Fault Tolerance

Currently Mars supports two levels of fault tolerance: process-level and worker-level. Scheduler-level support is not implemented now.

Process-level Fault Tolerance

Mars uses multiple processes in its worker. When a worker process fails, for instance, gets killed because of out of memory, and the process is not Process 0 where control actors run, Mars worker will mark relevant tasks as failed, start another process, restore actors on it and the retry mechanism will restart the failed task.

Worker-level Fault Tolerance

Note

New in version 0.2.0a2

As Mars uses execution graphs to schedule tasks, when some workers fail, scheduler will find lost chunks and work out affected operands. After that the spotted operands are rescheduled.

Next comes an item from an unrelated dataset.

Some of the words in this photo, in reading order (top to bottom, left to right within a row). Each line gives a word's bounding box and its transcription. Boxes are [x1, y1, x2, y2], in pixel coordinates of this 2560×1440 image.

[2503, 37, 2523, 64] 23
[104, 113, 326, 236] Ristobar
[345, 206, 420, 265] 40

Failure Notification and Processing

When a worker fails to respond, actors both in other workers and schedulers will detect it and send a feedback to ResourceActor, where changes in worker list is accepted and broadcast into all the sessions. When SessionActors accept the message, they will collect keys of missing data and relay all collected information to running GraphActors, where fail-over decisions are actually made.

The failure notification procedure is illustrated in the graph below.

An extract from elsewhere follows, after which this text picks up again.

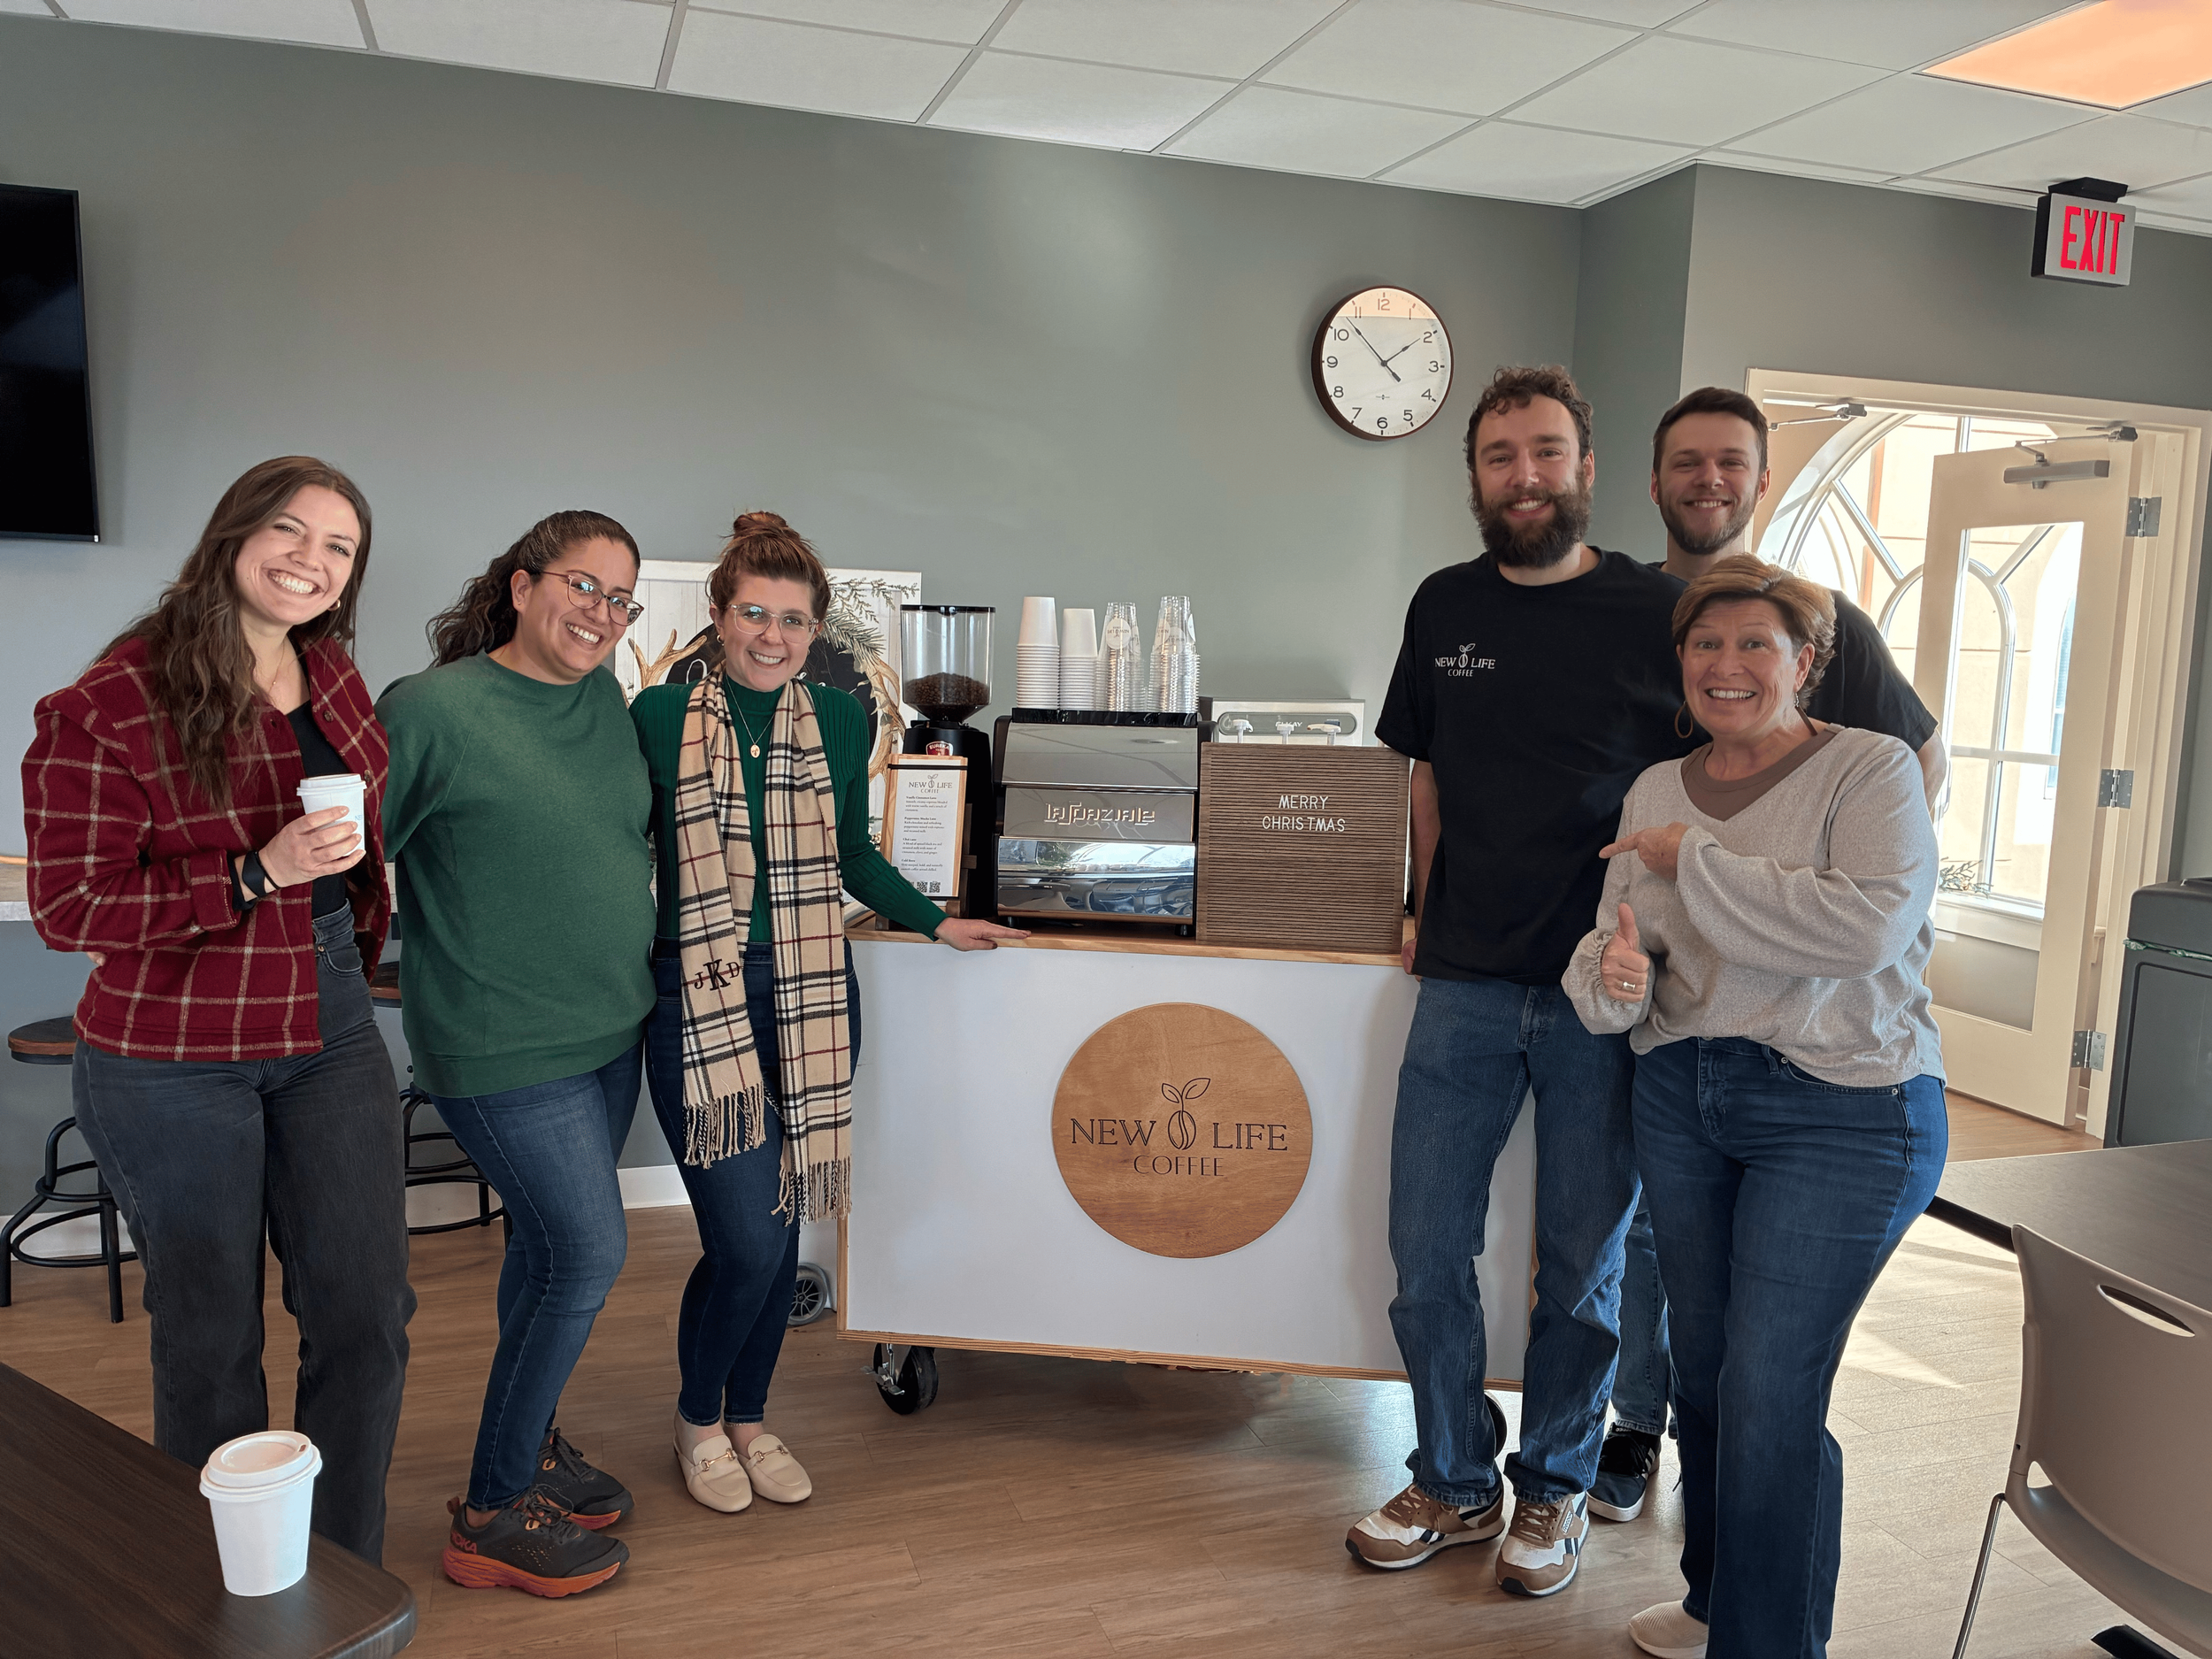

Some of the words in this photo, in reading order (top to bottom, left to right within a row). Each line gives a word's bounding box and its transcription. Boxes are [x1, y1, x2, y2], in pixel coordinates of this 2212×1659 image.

../../_images/worker-failover-notification.svg

When accepting a fail-over call, a GraphActor will first try reassigning states of affected operands, reassigning initial workers for initial operands, and then send updates to corresponding OperandActors to rerun these operands.

Reassigning States

When some workers fail, data stored in these workers are lost. Therefore we need to change the states of these operands in order to run them again. As is stated in operand states, data generated by an operand only exist when operands are in FINISHED state, we perform a two-pass scanning procedure to calculate new assignments for operands:

  1. Scan all FINISHED operands whose data are lost and mark them and their successors as affected;

  2. Scan the graph from bottom to top, starting from affected operands;

  3. For every affected operand, we scan its predecessors. If the data of the predecessor is lost or in a state without data or generating data, for instance, FREED or UNSCHEDULED, the predecessor will be marked as affected;

  4. Mark current operand as READY when no predecessors are affected, otherwise it will be marked as UNSCHEDULED;

  5. When there are no affected operands to be scanned, stop, otherwise go to Step 2.

Reassigning Initial Workers

When workers fail, some of initial operands assigned in graph preparation step may not have workers to execute on. What’s more, change in number of workers may lead to imbalance in worker assignments. We solve this problem by applying an adaptive worker reassigning strategy. The algorithm framework is similar with the original one except that we do not visit initial operands which are executed, and the stop criterion of visiting operands in Step 3 is now limited to the average number of operands per worker minus the number of operands already executed or determined to run in the candidate worker.